# Why Does No One Carry Takamine Anymore?



## Guncho (Jun 16, 2015)

There was a time when almost every guitarist you saw onstage in Canada playing an acoustic guitar was playing a Takamine but now I hardly ever see them in guitar stores?

What's up with that?

Long and McQuade has a bunch listed but they are all Out of Stock.


----------



## silvertonebetty (Jan 4, 2015)

Guncho said:


> There was a time when almost every guitarist you saw onstage in Canada playing an acoustic guitar was playing a Takamine but now I hardly ever see them in guitar stores?
> 
> What's up with that?
> 
> Long and McQuade has a bunch listed but they are all Out of Stock.
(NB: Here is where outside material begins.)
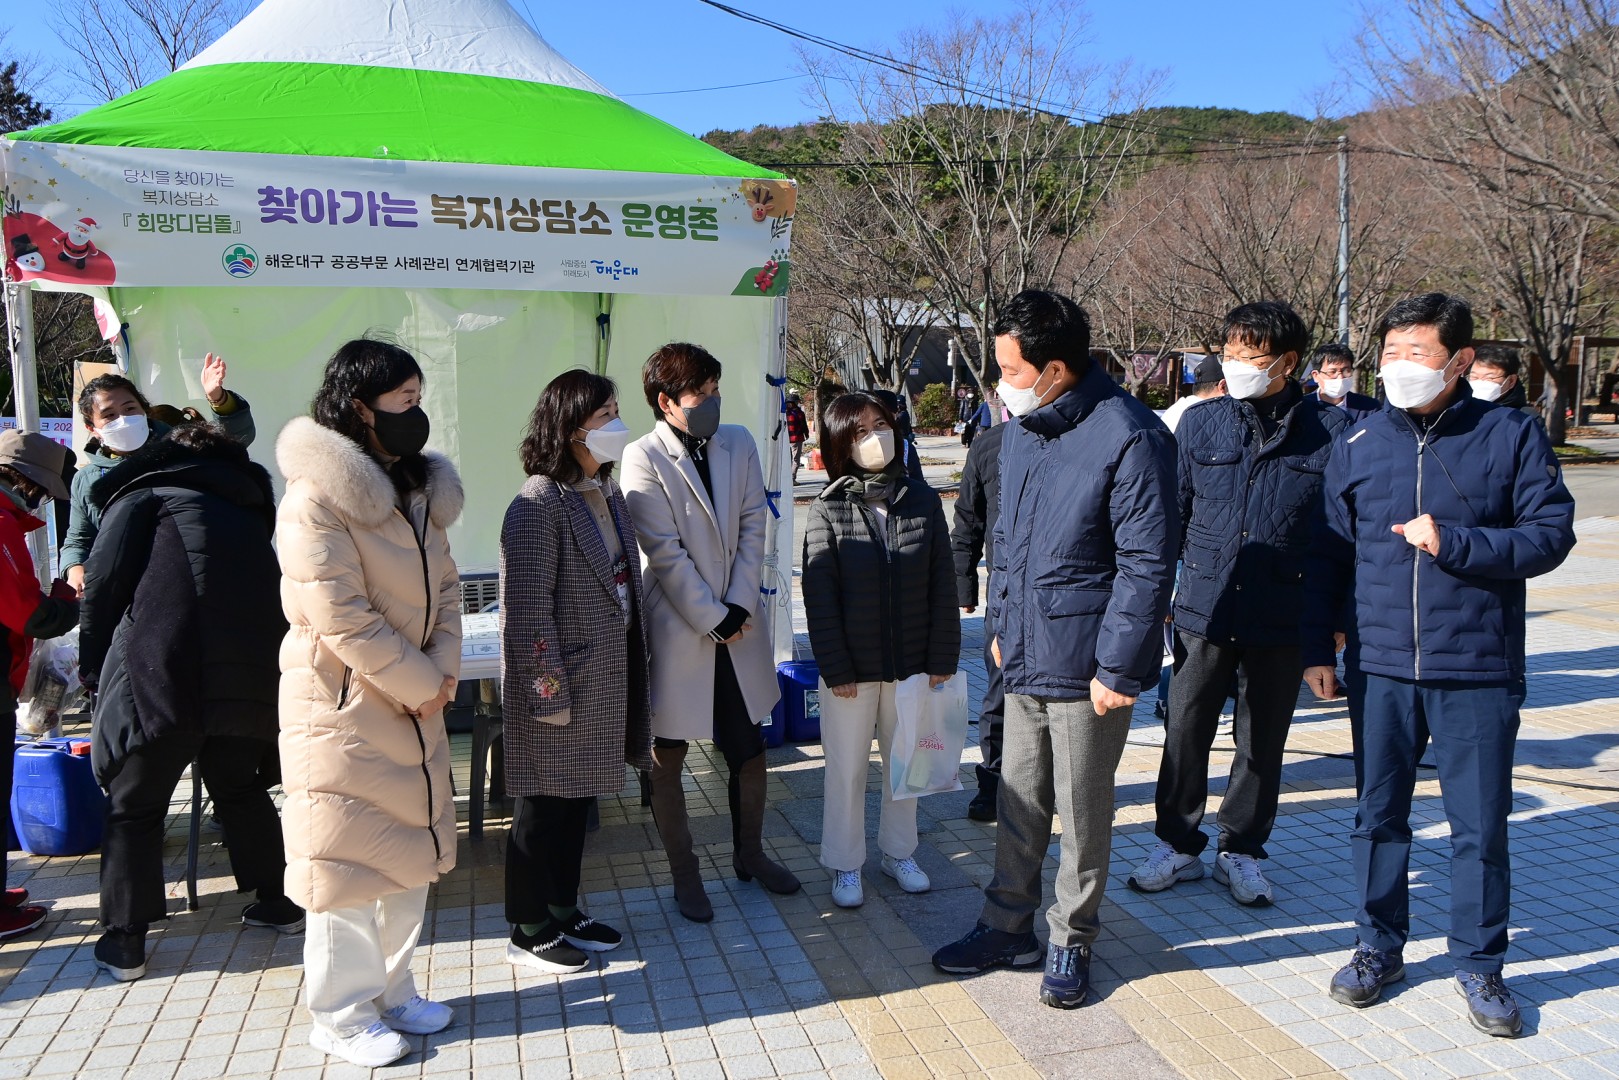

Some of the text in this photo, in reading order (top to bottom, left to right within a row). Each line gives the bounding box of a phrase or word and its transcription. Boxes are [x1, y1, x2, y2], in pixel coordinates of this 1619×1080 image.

Due to a bunch of fakes being sold . A lady from my church has a fake but another lady was given a real tak o and it's a custom shop tak 

Sent from my Nexus 5 using Tapatalk


----------



## Guncho (Jun 16, 2015)

I don't think that would explain why Long & McQuade, Steve's, etc don't seem to stock them anymore.


----------



## guitarman2 (Aug 25, 2006)

Toby Keith playing one here in his video "Made in America" Oh the irony.


----------



## silvertonebetty (Jan 4, 2015)

Guncho said:


> I don't think that would explain why Long & McQuade, Steve's, etc don't seem to stock them anymore.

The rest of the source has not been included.